Uma ofensiva contra a intolerância, o racismo e o ódio crescentes

Aslak Sira Myhre (*)

Como qualquer outro cidadão de Oslo, vagueei pelas ruas e os edifícios atacados. Visitei até a ilha em que foram massacrados os jovens ativistas políticos. Partilho do medo e da dor do meu país. Mas a questão continua a ser, por quê, e esta violência não foi cega.

O terror na Noruega não veio de extremistas islâmicos.

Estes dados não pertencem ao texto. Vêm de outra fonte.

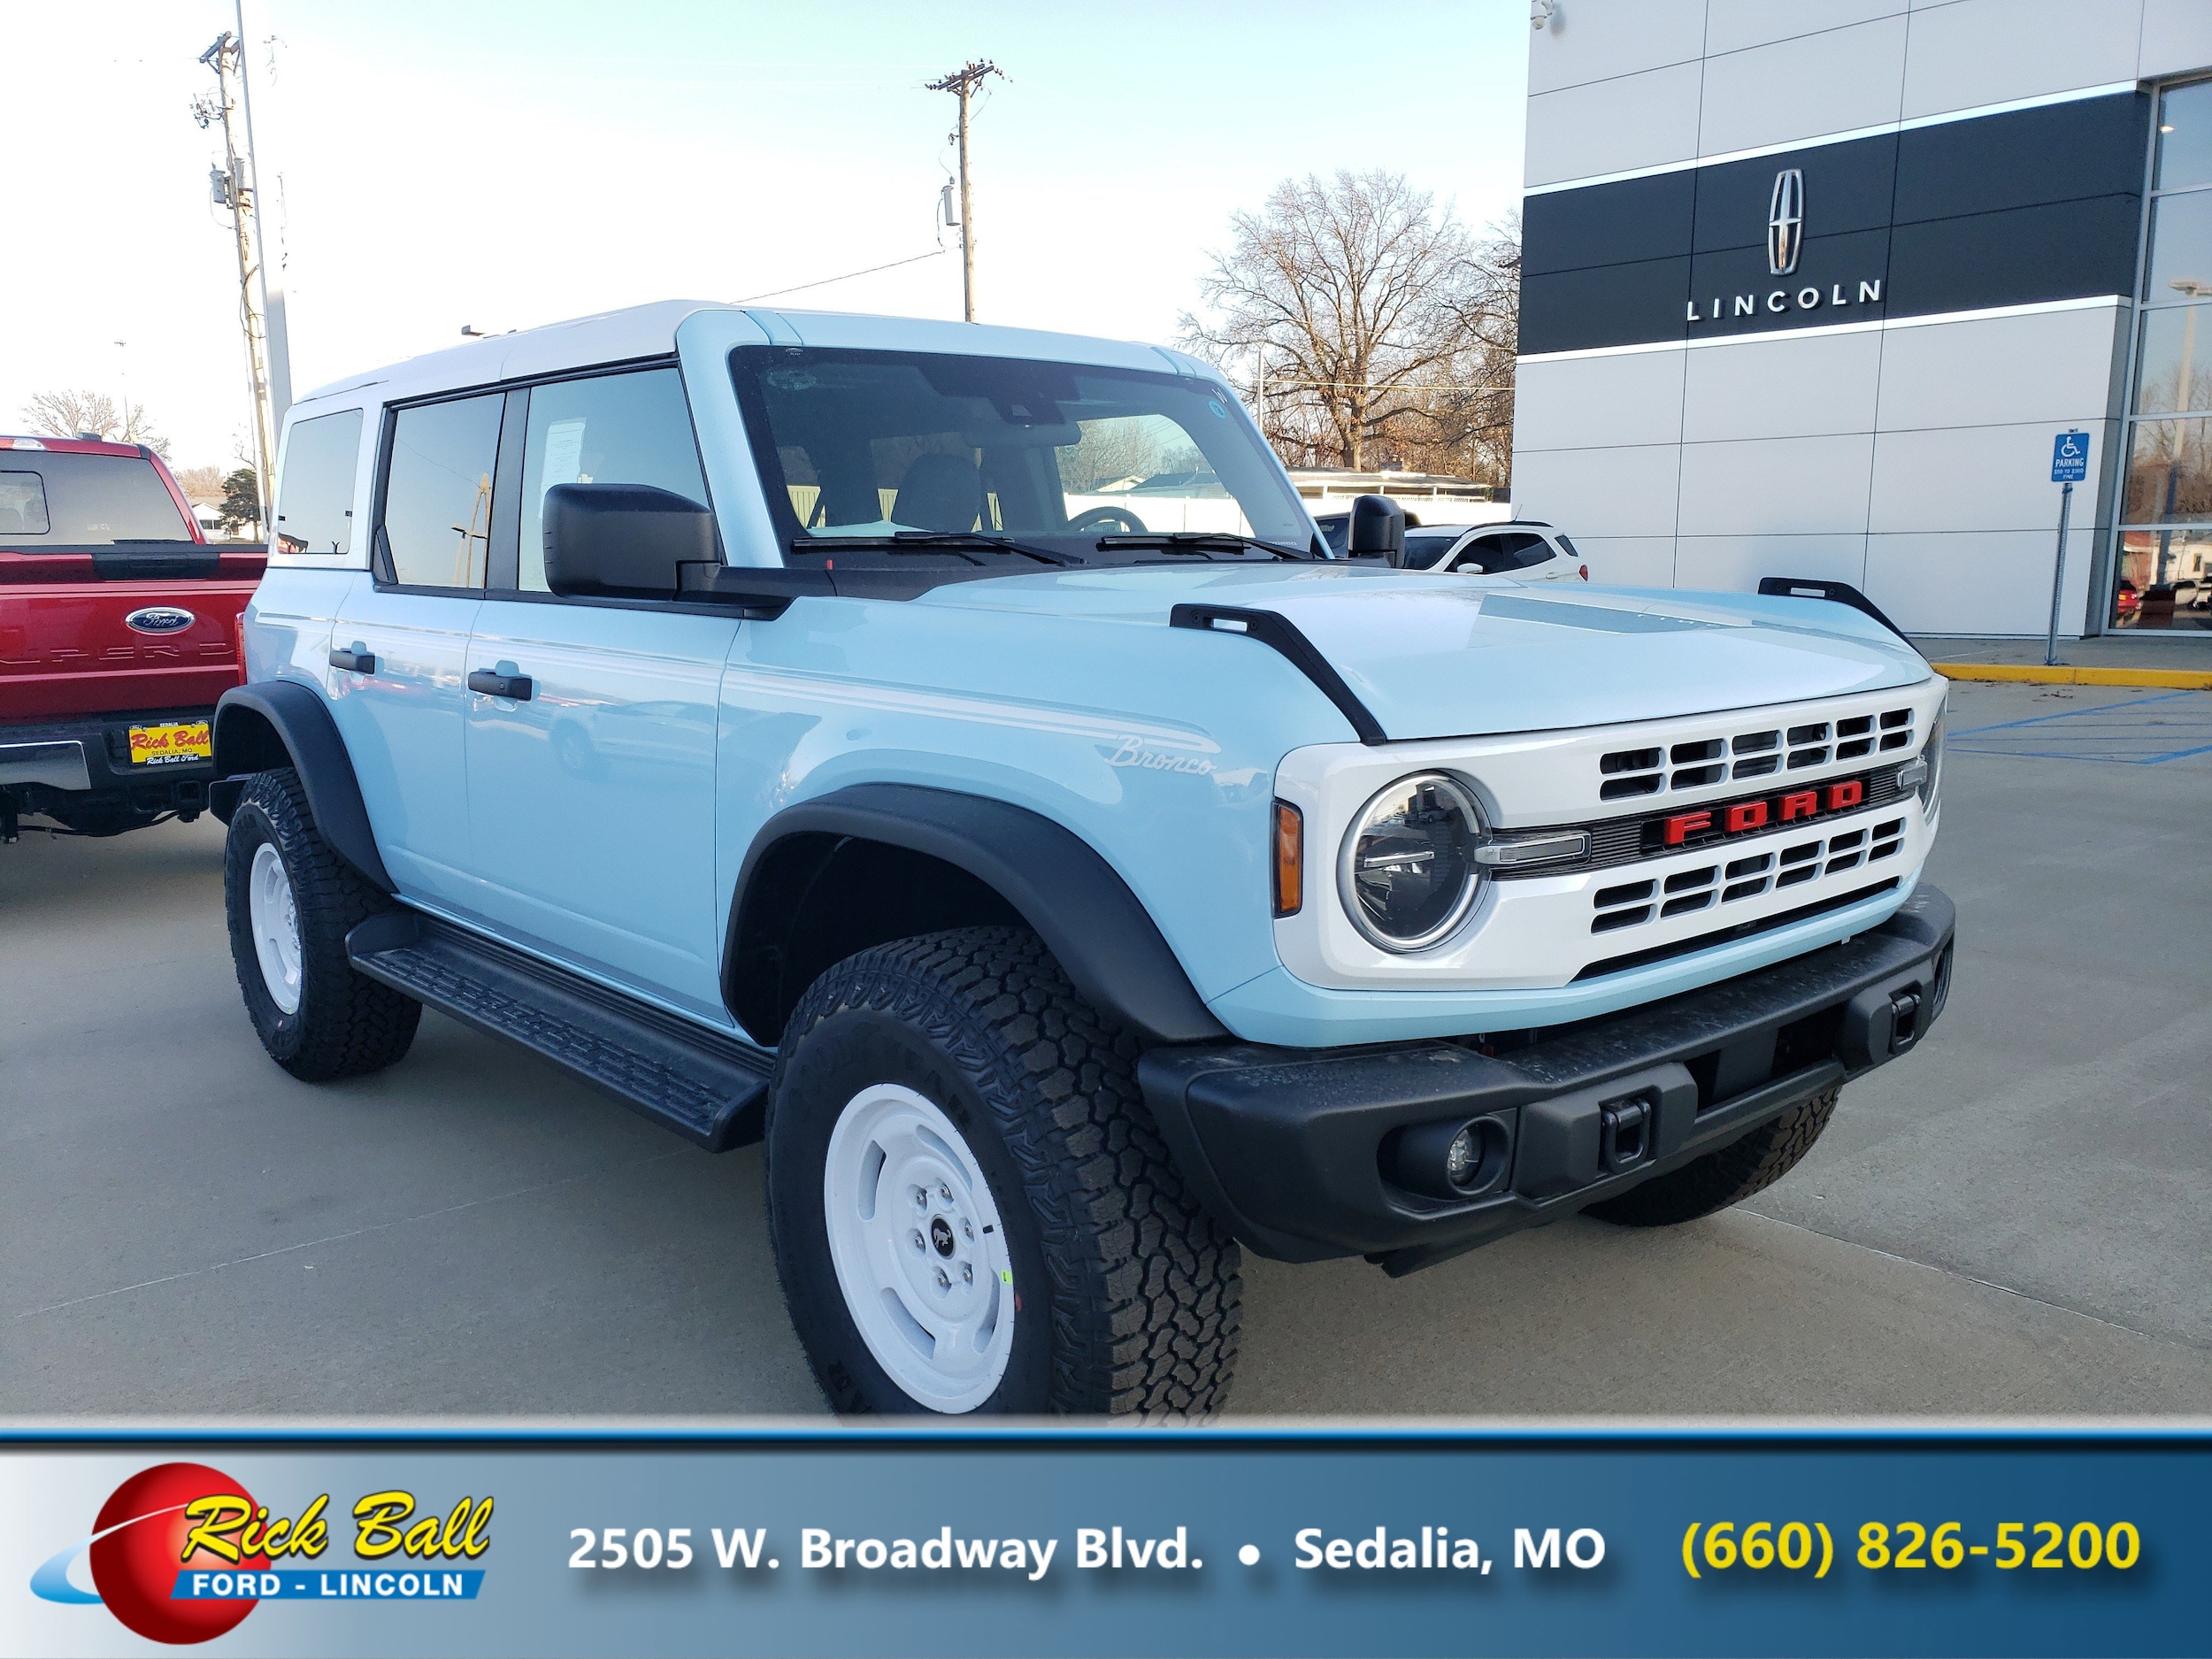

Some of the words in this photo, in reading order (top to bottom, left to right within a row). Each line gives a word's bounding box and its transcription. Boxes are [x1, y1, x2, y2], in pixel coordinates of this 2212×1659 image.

Nem tão pouco da extrema esquerda, ainda que ambos tenham sido acusados muitas vezes de constituírem uma ameaça interna ao “nosso modo de vida”. Até agora, incluindo aquelas horas terríveis da tarde de 22 de julho, o pouco terrorismo que conheci no meu país veio sempre da extrema direita. Durante décadas, a violência política neste país foi praticamente um exclusivo dos neo-nazis e de outros grupos racistas. Nos anos 70, atentaram com explosivos contra livrarias de esquerda e contra uma manifestação do Primeiro de Maio. Nos anos 80, dois neo-nazis foram executados sob a suspeita de terem traído o seu grupo. Nas últimas duas décadas, dois jovens noruegueses não-brancos morreram por causa de ataques racistas. Nenhum grupo estrangeiro matou ou feriu pessoas em território norueguês, à excepção dos serviços secretos de Israel, a Mossad, que assassinou por engano um inocente em Lillehammer em 1973. No entanto, e apesar destes eloquentes antecedentes, quando este devastador terrorismo agora nos golpeou, as suspeitas recaíram imediatamente sobre o mundo islâmico. Eram os fundamentalistas islâmicos. Tinham que ser eles.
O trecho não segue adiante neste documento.